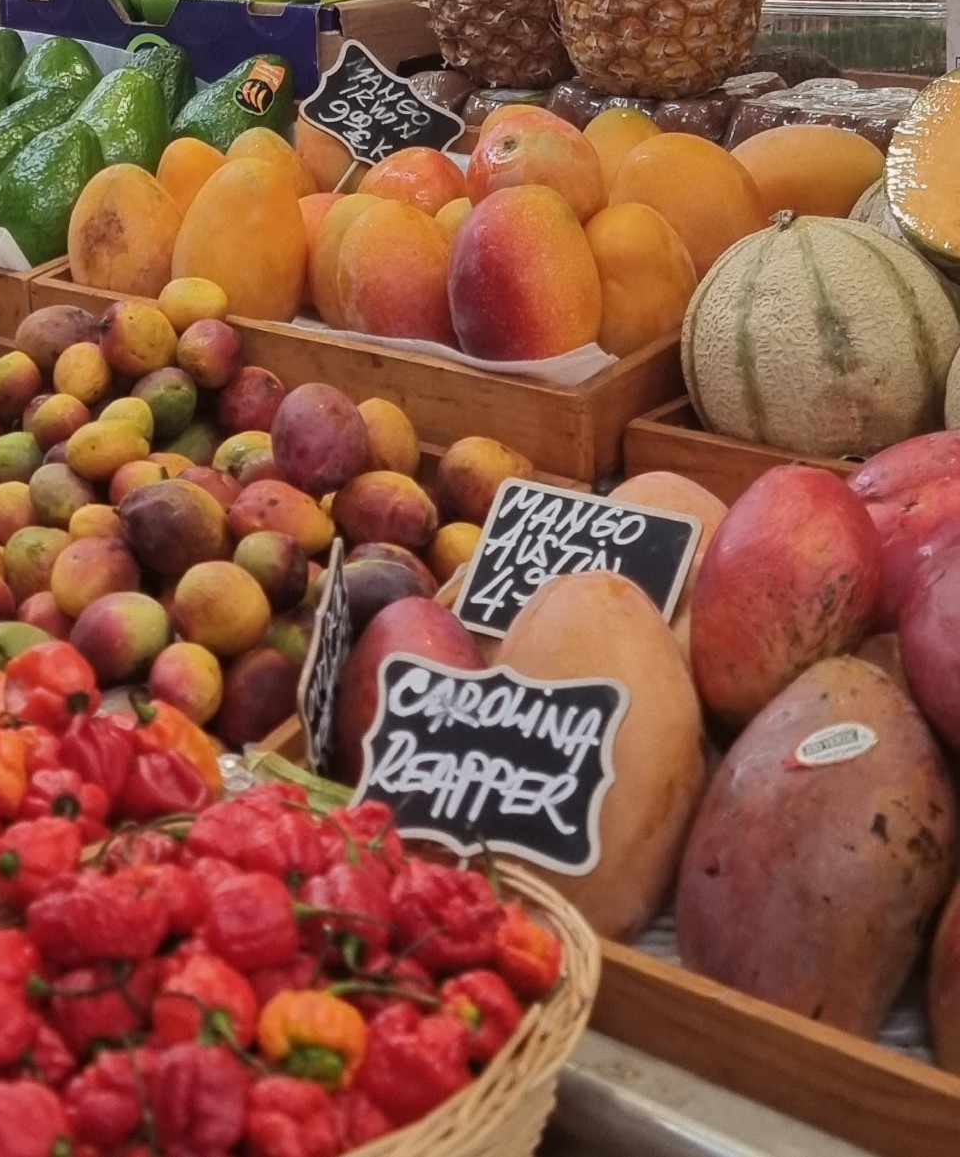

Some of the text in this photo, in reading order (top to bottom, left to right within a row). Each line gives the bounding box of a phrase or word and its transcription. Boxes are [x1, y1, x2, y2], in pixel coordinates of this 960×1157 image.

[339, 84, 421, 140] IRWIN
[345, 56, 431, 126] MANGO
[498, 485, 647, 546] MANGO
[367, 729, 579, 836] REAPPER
────────────────────────────────────────
◆ **INSTRUCTIONS FOR THE TASK**:
Please print the entire listing again exactly, minus its images.

◆ **TASK OUTPUT**:
Some of the text in this photo, in reading order (top to bottom, left to right within a row). Each line gives the bounding box of a phrase or word and its transcription. Boxes are [x1, y1, x2, y2], in pixel coordinates of this 960×1157 image.

[339, 84, 421, 140] IRWIN
[345, 56, 431, 126] MANGO
[498, 485, 647, 546] MANGO
[367, 729, 579, 836] REAPPER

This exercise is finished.